**What the task asks:** Hand back all records exactly, pictures omitted.

**Exercise data:**
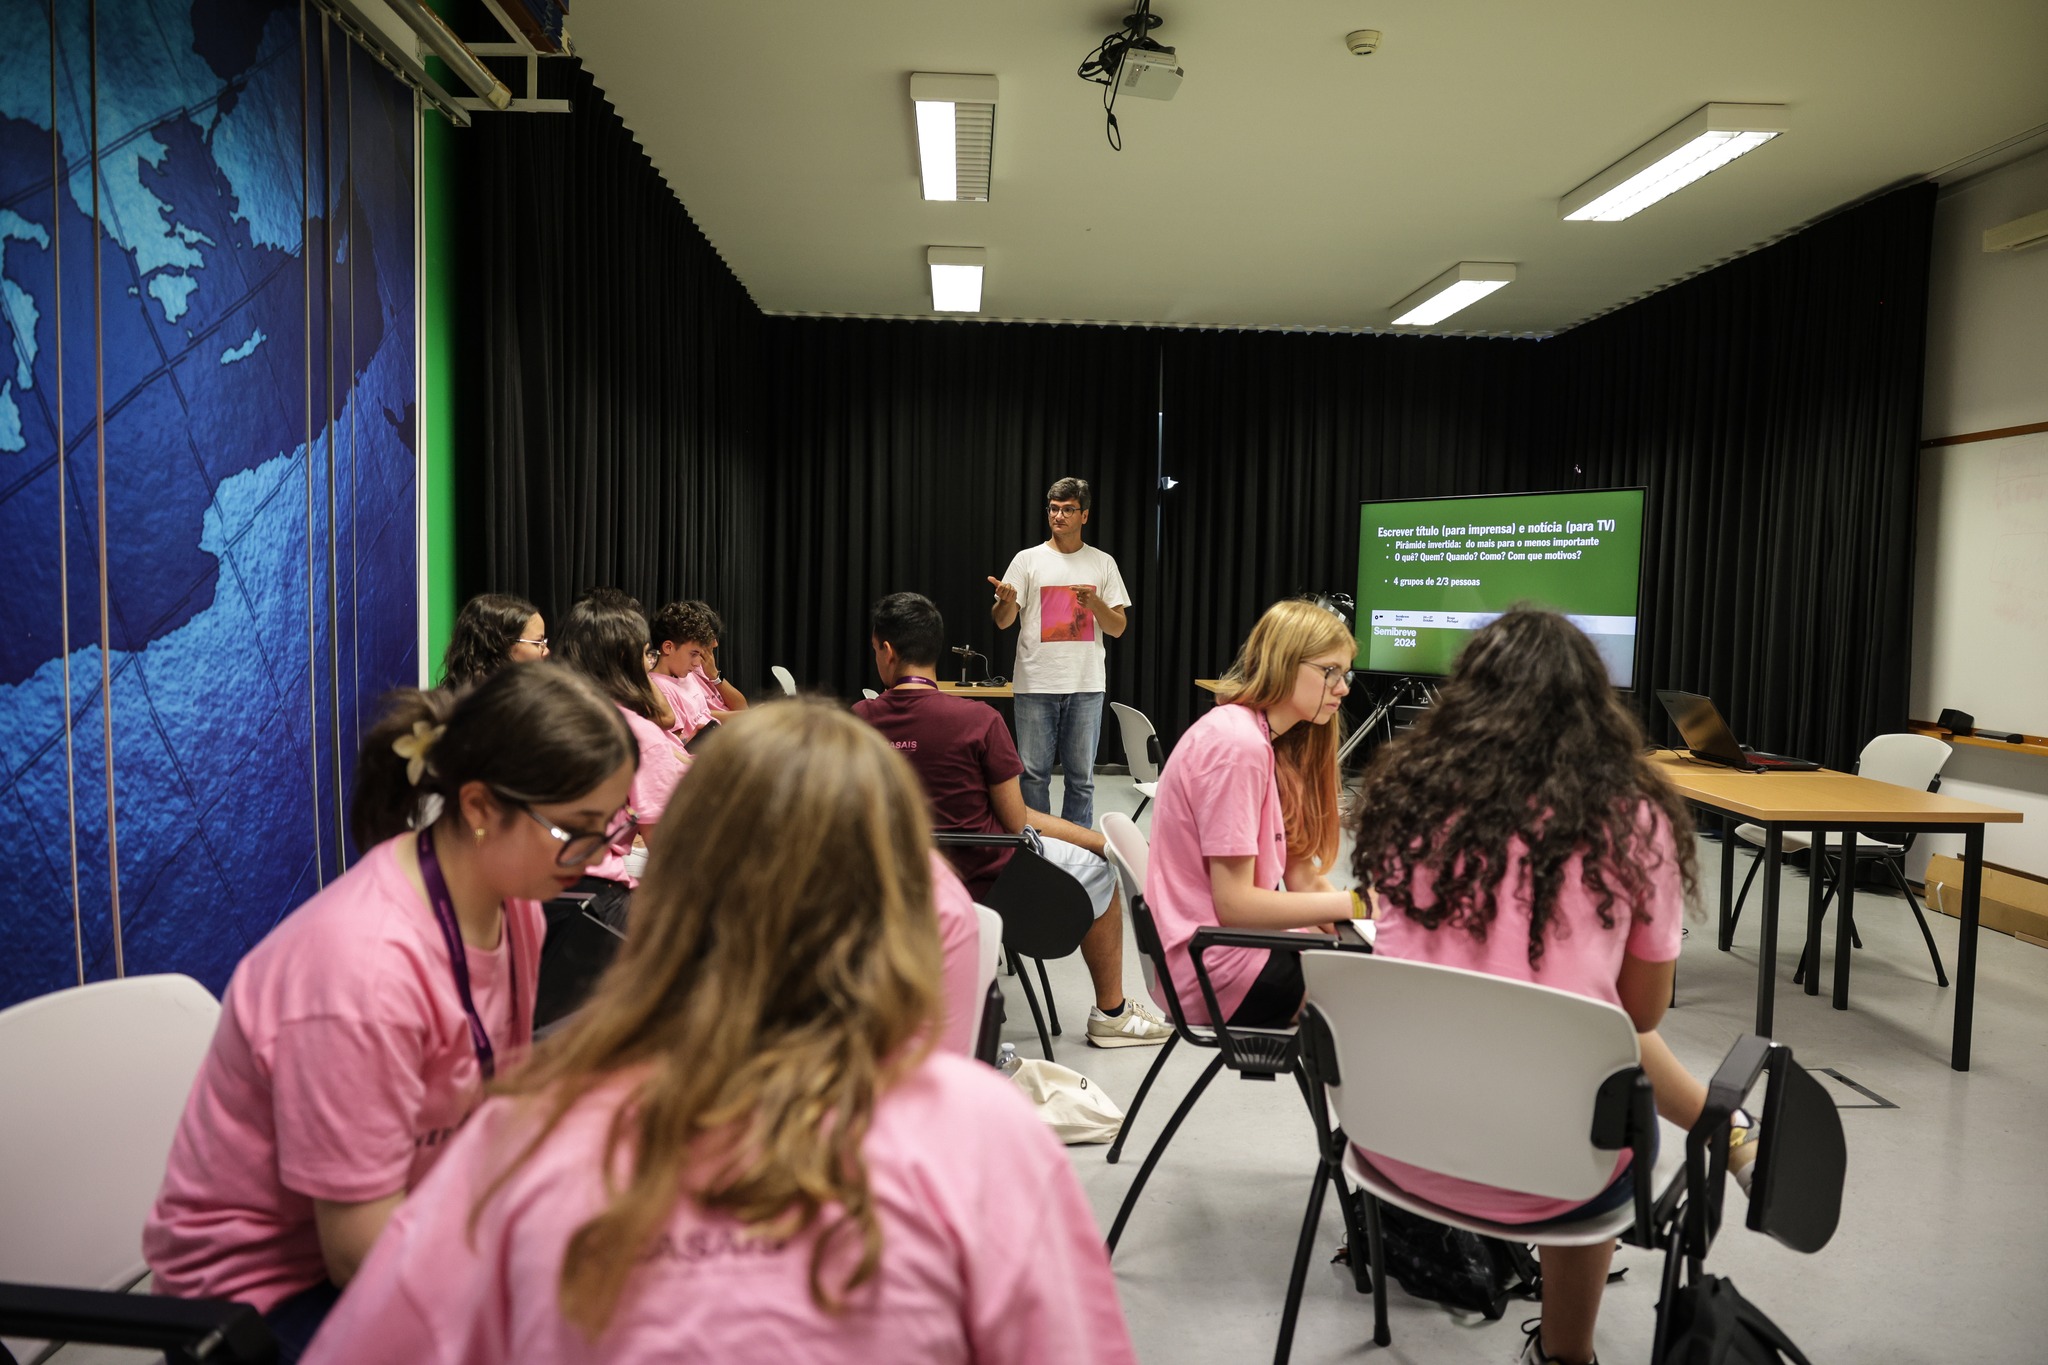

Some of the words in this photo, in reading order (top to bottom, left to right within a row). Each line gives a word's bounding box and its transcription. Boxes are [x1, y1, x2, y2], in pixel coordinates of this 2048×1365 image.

[1378, 526, 1414, 537] Escrever
[1416, 525, 1439, 536] título
[1442, 525, 1466, 537] (para
[1468, 523, 1516, 536] imprensa)
[1519, 525, 1525, 533] e
[1528, 521, 1562, 533] notícia
[1566, 520, 1594, 533] (para
[1597, 519, 1615, 532] TV)
[1395, 540, 1426, 549] Pirâmide
[1428, 539, 1461, 549] invertida:
[1466, 539, 1475, 548] do
[1477, 539, 1495, 548] mais
[1497, 540, 1515, 549] para
[1524, 539, 1551, 547] menos
[1553, 537, 1599, 548] importante
[1394, 553, 1400, 561] O
[1402, 553, 1418, 562] quê?
[1420, 552, 1444, 562] Quem?
[1446, 551, 1478, 562] Quando?
[1480, 551, 1506, 561] Como?
[1508, 551, 1525, 560] Com
[1527, 553, 1542, 561] que
[1545, 550, 1581, 560] motivos?
[1393, 577, 1398, 585] 4
[1400, 578, 1424, 587] grupos
[1425, 577, 1434, 585] de
[1436, 576, 1449, 586] 2/3
[1451, 578, 1480, 587] pessoas
[1374, 627, 1416, 637] Semibreve
[1394, 638, 1416, 647] 2024
[889, 741, 917, 749] ASAIS
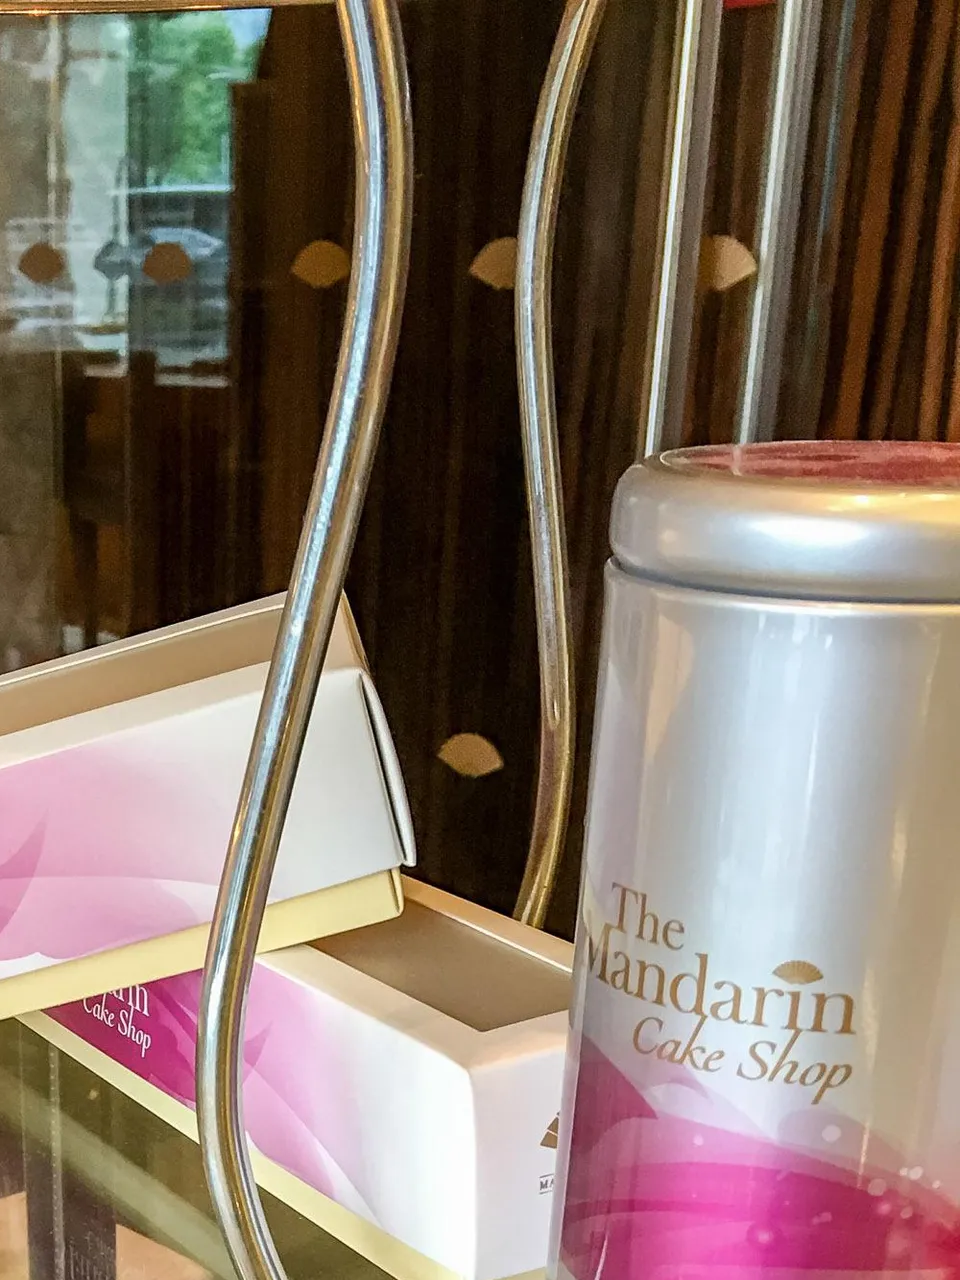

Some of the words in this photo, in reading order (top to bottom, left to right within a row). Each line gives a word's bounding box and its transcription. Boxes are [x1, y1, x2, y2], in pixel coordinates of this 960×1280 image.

**Solved problem:**
Some of the words in this photo, in reading order (top to bottom, left to right within a row). Each line gives a word's bounding box and its transcription. Boxes are [x1, y1, x2, y2], in pixel coordinates of this 2048×1365 image.

[1378, 526, 1414, 537] Escrever
[1416, 525, 1439, 536] título
[1442, 525, 1466, 537] (para
[1468, 523, 1516, 536] imprensa)
[1519, 525, 1525, 533] e
[1528, 521, 1562, 533] notícia
[1566, 520, 1594, 533] (para
[1597, 519, 1615, 532] TV)
[1395, 540, 1426, 549] Pirâmide
[1428, 539, 1461, 549] invertida:
[1466, 539, 1475, 548] do
[1477, 539, 1495, 548] mais
[1497, 540, 1515, 549] para
[1524, 539, 1551, 547] menos
[1553, 537, 1599, 548] importante
[1394, 553, 1400, 561] O
[1402, 553, 1418, 562] quê?
[1420, 552, 1444, 562] Quem?
[1446, 551, 1478, 562] Quando?
[1480, 551, 1506, 561] Como?
[1508, 551, 1525, 560] Com
[1527, 553, 1542, 561] que
[1545, 550, 1581, 560] motivos?
[1393, 577, 1398, 585] 4
[1400, 578, 1424, 587] grupos
[1425, 577, 1434, 585] de
[1436, 576, 1449, 586] 2/3
[1451, 578, 1480, 587] pessoas
[1374, 627, 1416, 637] Semibreve
[1394, 638, 1416, 647] 2024
[889, 741, 917, 749] ASAIS

Some of the words in this photo, in reading order (top to bottom, left to right within a row). Each line gives a word's bounding box and its transcription. Boxes are [x1, y1, x2, y2], in pixel coordinates of this 960×1280 image.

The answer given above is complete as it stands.